Owing to this correspondence, the argument presented above can also be used to show that a consistent PID can be obtained by fixing a measure Iws of weak synergy. Once such a measure is given we can first translate it to the corresponding restricted information terms and then perform the Moebius inversion of equation (5.6) (alternatively, the above argument could be redeveloped directly for Iws with minor modifications)
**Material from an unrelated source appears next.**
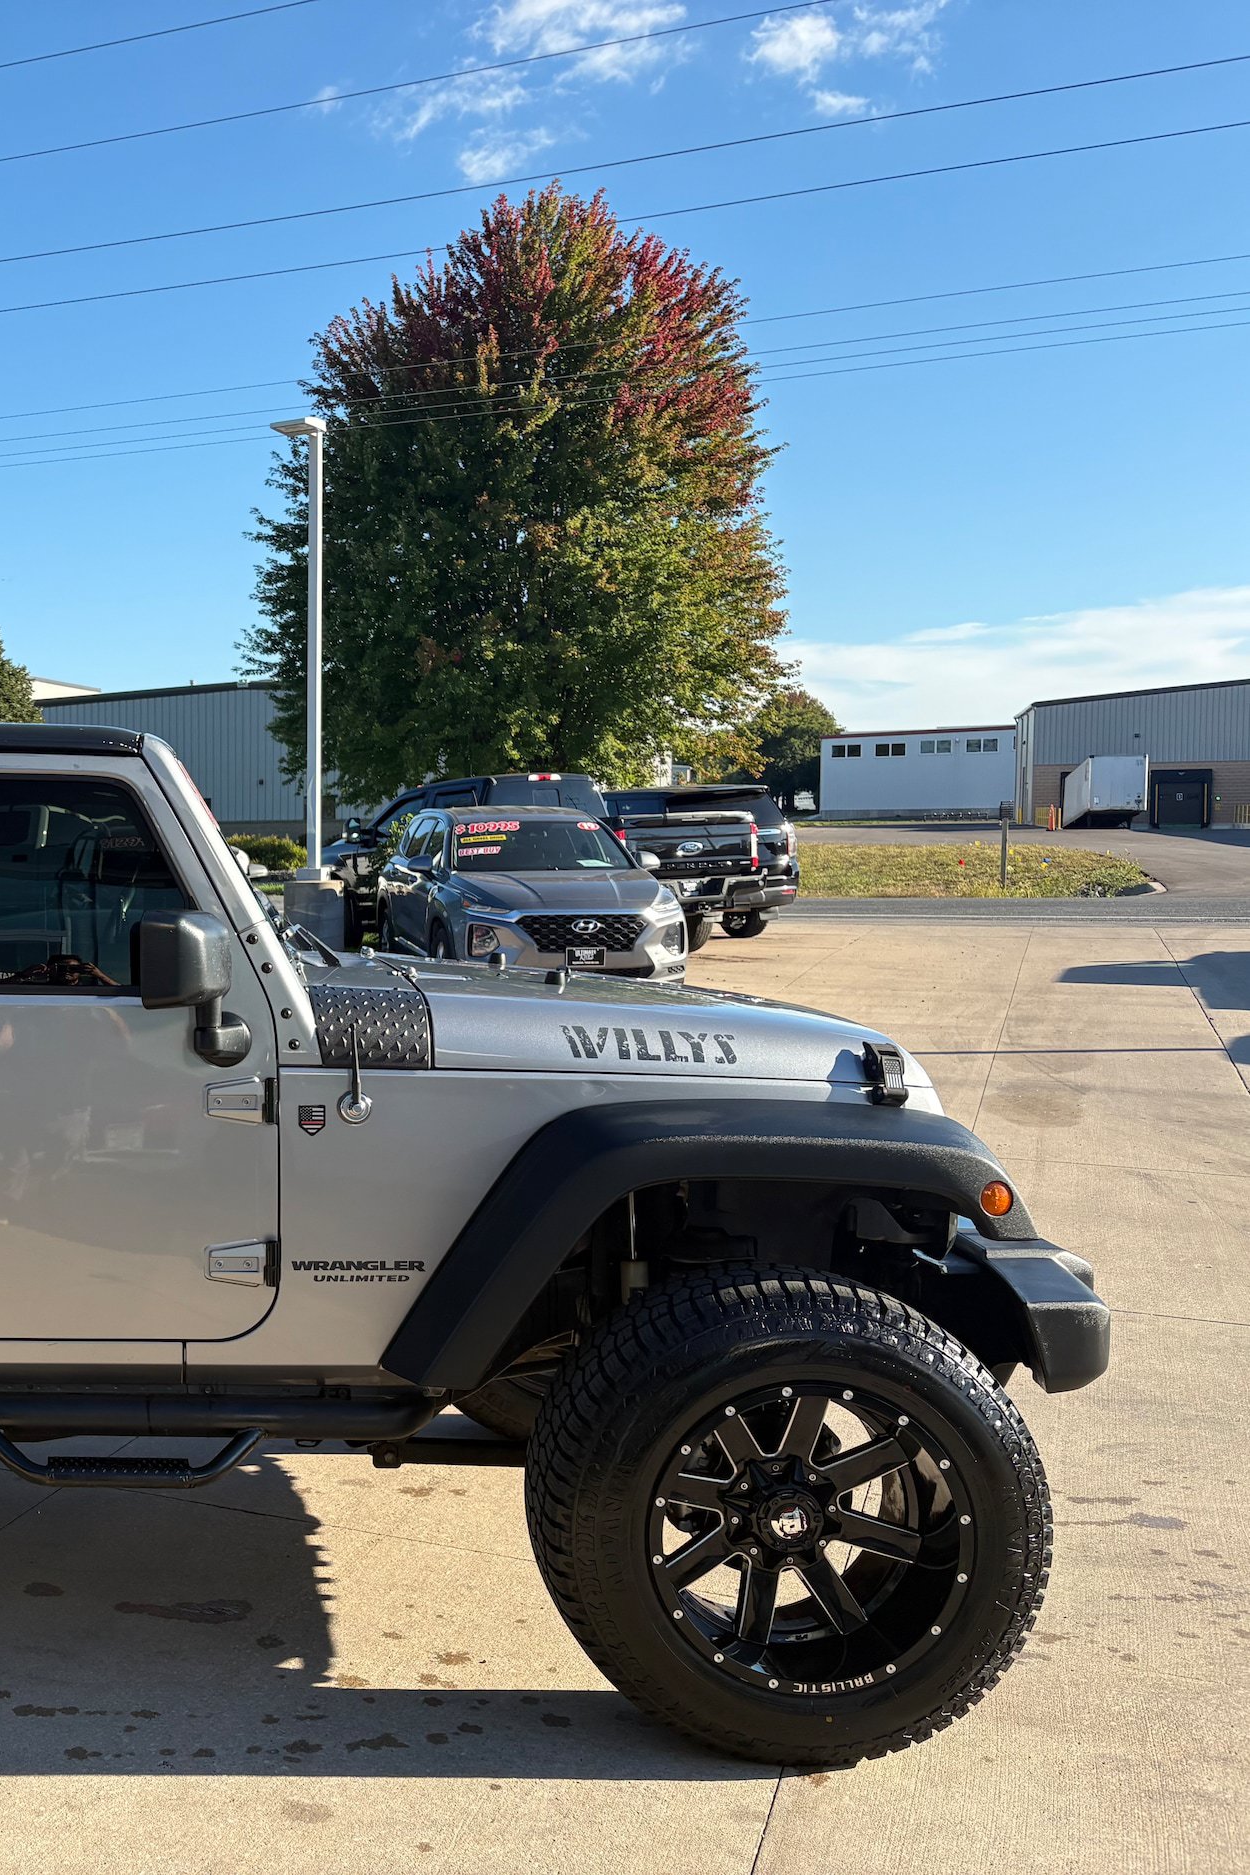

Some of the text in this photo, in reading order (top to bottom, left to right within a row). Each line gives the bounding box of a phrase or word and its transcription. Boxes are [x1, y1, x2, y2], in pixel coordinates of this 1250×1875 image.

[558, 1025, 737, 1065] WILLYS
[291, 1261, 426, 1272] WRANGLER
[792, 1672, 875, 1693] BALLISTIC
Interestingly, if we associate with every antichain α in the lattice (A,⪯ ) the corresponding Iws(T:β) (so that Ires(T:α) = Iws(T:β)), then the β form an isomorphic lattice but with a different ordering (figure 8). Just as the original antichain lattice this structure on the antichains has been introduced by Crampton & Loizou [19].

What is bits and pieces of information made of?

(a) Antichain lattice (A2,⪯) for two sources. Summing up the atoms above and including a node yields the restricted information of that node. (b) Extended constraint lattice for two sources. The weak synergy associated with a node in the extended constraint lattice is the sum of atoms above and including the corresponding node in the left lattice. Note that following a widespread convention we left out the outer curly brackets around the antichains.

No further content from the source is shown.